Notre histoire était belle, pourtant. Je me souviens qu'enfant, vous me teniez la main et marchiez à mes côtés. Vos pas s'imprimaient dans la terre près des miens. Je me souviens qu'adolescente, vous dansiez avec moi. Votre robe était de mousse, votre visage était en fleur. Nous poitrines vibraient, agitées de frissons, nos coeurs cognaient tambour battant, nos jambes sautaient d'un mouvement énergique : notre danse était comme une harmonie soufflée dans un accordéon, un cosmos arrangé dans l'éther, notre danse était agréable et ordonnée. Je me souviens  qu'au prémices des âges de l'adulte, vous chantiez, chantiez pour moi. Vous vous teniez sous mon balcon, une lyre dans la main. Vous grattiez votre instrument comme les hommes caressent les cheveux de leurs amantes. Vos lèvres frémissaient, votre gorge s'ouvrait et un chant ! un chant que les oiseaux jalousaient, qu'Orphée reconnaissait, qui attristait les montagnes et qui émouvait le ciel, était entonné. Mon nom coulait sur vos paroles comme un soleil coupé au milieu, était cueilli au bord de votre bouche comme un fragment de tendresse perdu sur le bitume. Ô Solitude, tu me charmais et, je t'écoutais, l'oeil plein de larmes et le visage vide d'expressions.

Solitude. Ô Solitude, à quel point m'aimez-vous ? Solitude. Ô Solitude, je vous déteste, un peu.

Notre histoire était belle, pourtant. Aujourd'hui, je sens que vous m'étouffez. Vos mains sont encerclées autour de mon cou. Vos paumes, larges et rudes, comme un morceau de bois, s'étalent contre ma jugulaire.
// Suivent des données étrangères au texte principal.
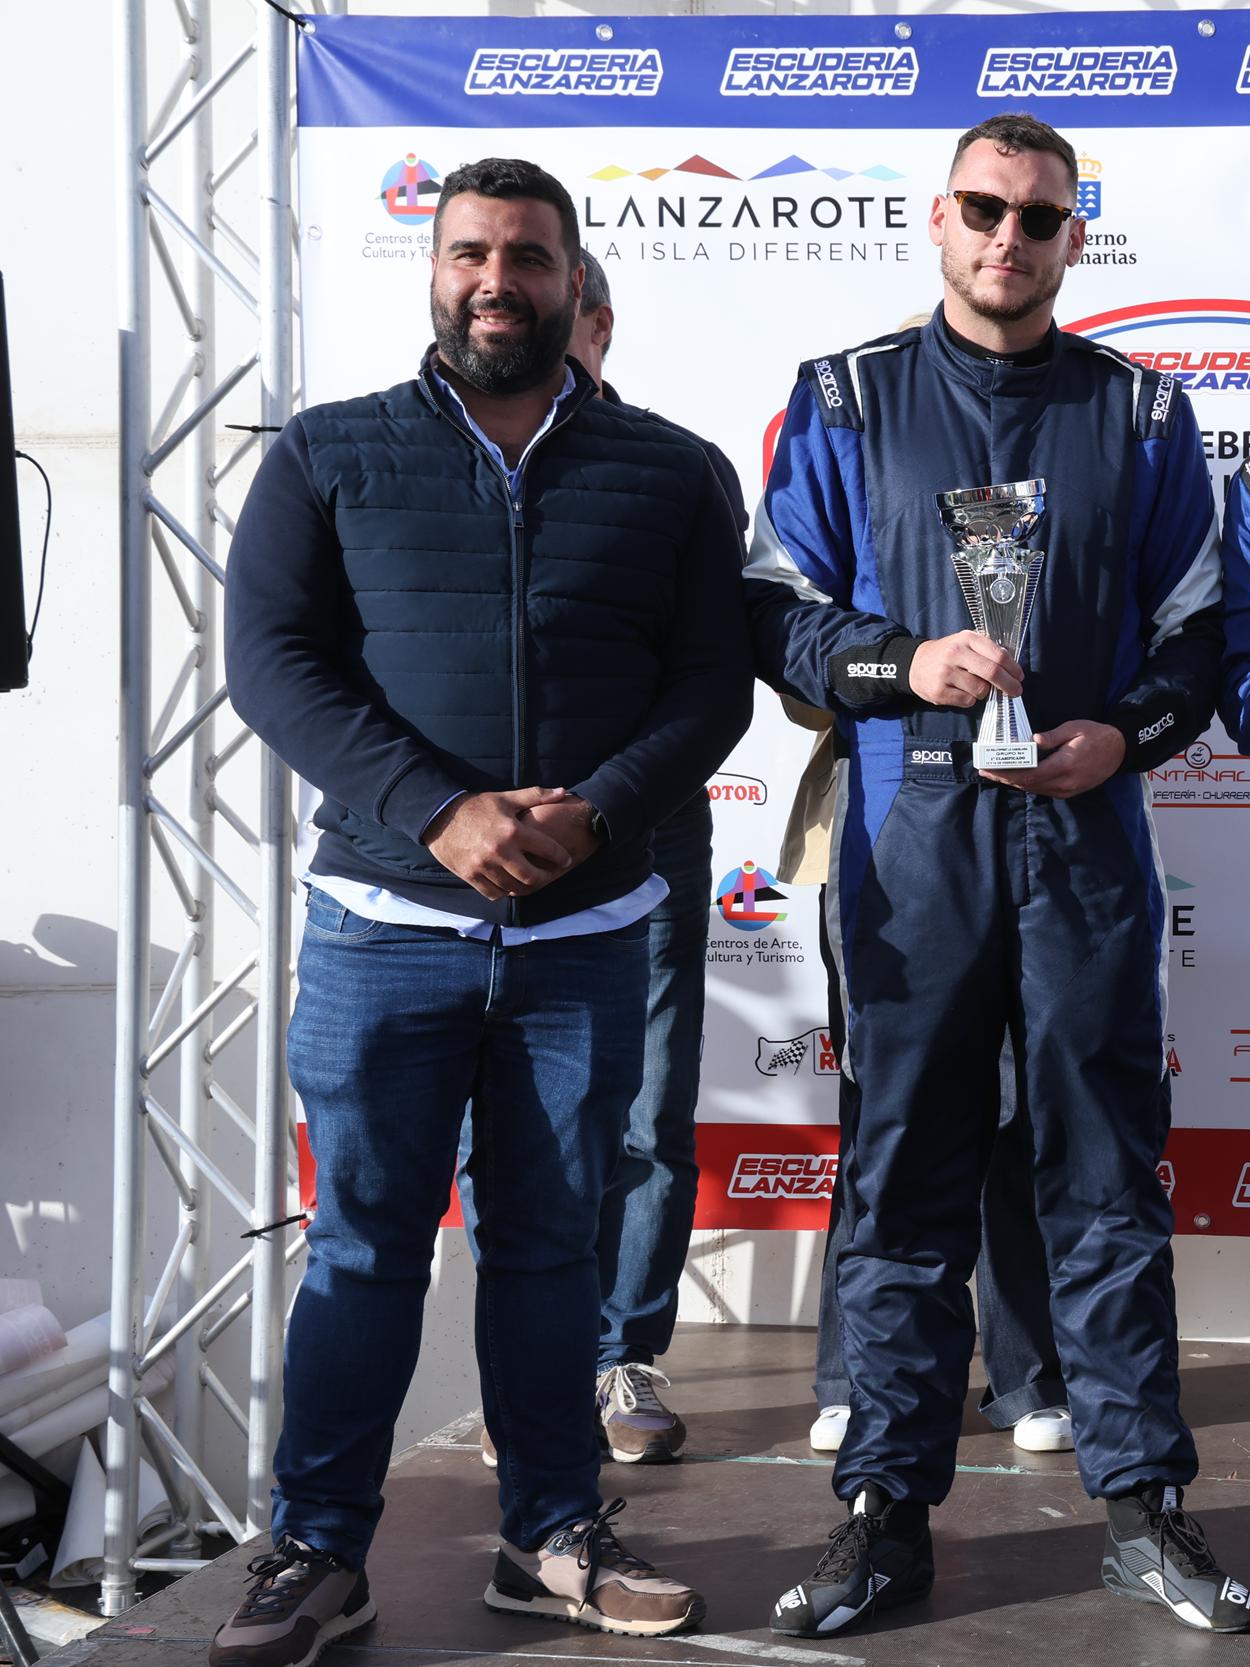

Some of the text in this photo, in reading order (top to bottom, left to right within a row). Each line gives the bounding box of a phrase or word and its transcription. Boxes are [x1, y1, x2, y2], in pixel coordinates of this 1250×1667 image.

Vos phalanges rugueuses compriment mon sang, retiennent les battements de mon coeur et vos doigts ! vos doigts serrent, serrent et serrent encore. J'ai la tête qui tourne, l'air vaseux et les joues rouges. Vous détenez mon souffle entre vos mains, vous sentez mon coeur battre au creux de vos paumes comme un petit oiseau terrifié, vous respirez sur ma peau l'odeur de la peur, de la peine. Vous approchez votre figure, plantez votre regard comme un poignard. Mon regard est une tendre supplication : je peine à respirer, je me sens mourir. Aujourd'hui, je sens que vous me dominez. Vous êtes assis sur mon buste, comprimez ma poitrine et écrasez mes poumons. Je vous demande de vous lever : vous souriez, prétextant un jeu nouveau, un jeu amusant puis, vous sautez, bondissez sur mon buste comme un enfant sur son lit. J'ai la sensation que cage thoracique éclate : j'entends les os se briser et je sens une cote perforer un poumon. Aujourd'hui, je sens que vous m'assourdissez. Vous hurlez comme un démon filant dans la nuit à mes oreilles et votre voix ! votre voix est un supplice qui torture mes chairs, une douleur qui alourdit  d'un bloc de marbre mon estomac, une brûlure qui cuit mes muscles ou un tourment qui brise mes jambes comme à coup de bâtons.

Solitude. Ô Solitude, à quel point m'aimez-vous ? Je ne vous aime plus, je vous déteste. Vous n'êtes plus ce que vous étiez auparavant, vous n'êtes plus ma tendre compagne : vous m'écrasez, me dévorer, me briser les jambes et le cerveau. Je cherche un ami  : ne soyez pas jalouse. Ô Solitude, désormais, je vous déteste.